TASK: Please reproduce the entries exactly as they appear below, but not the pictures.

** Opening INPUT DATA block **

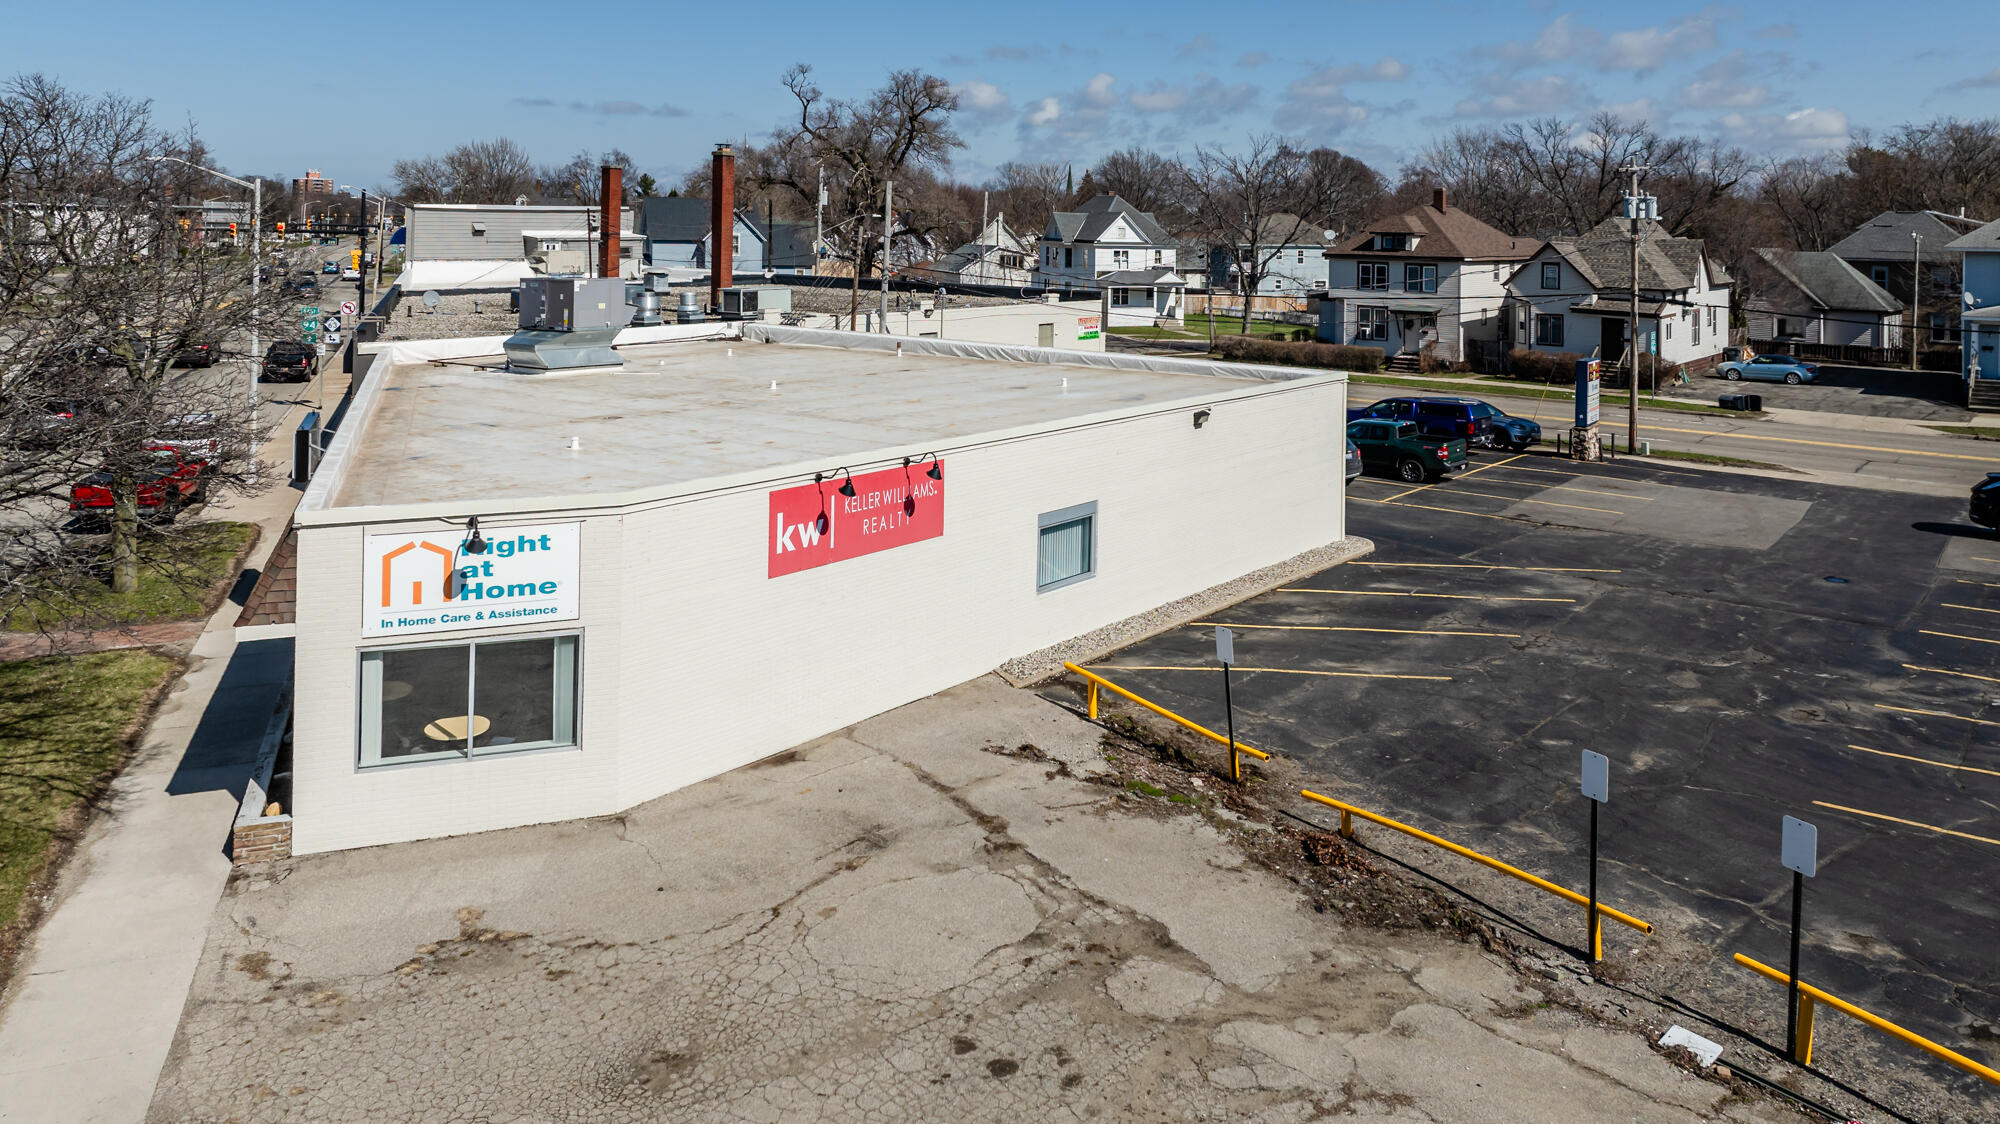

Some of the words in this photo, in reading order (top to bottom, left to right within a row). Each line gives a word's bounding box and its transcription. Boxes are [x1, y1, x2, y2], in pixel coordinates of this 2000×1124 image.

[303, 320, 316, 328] 94
[844, 491, 881, 514] KELLER
[460, 560, 494, 579] at
[460, 581, 558, 601] Home
[381, 618, 394, 629] In
[398, 616, 436, 628] Home
[440, 612, 471, 624] Care
[475, 611, 484, 621] &
[488, 606, 558, 620] Assistance

** Closing INPUT DATA block **

RESPONSE:
Some of the words in this photo, in reading order (top to bottom, left to right within a row). Each line gives a word's bounding box and its transcription. Boxes are [x1, y1, x2, y2], in pixel coordinates of this 2000×1124 image.

[303, 320, 316, 328] 94
[844, 491, 881, 514] KELLER
[460, 560, 494, 579] at
[460, 581, 558, 601] Home
[381, 618, 394, 629] In
[398, 616, 436, 628] Home
[440, 612, 471, 624] Care
[475, 611, 484, 621] &
[488, 606, 558, 620] Assistance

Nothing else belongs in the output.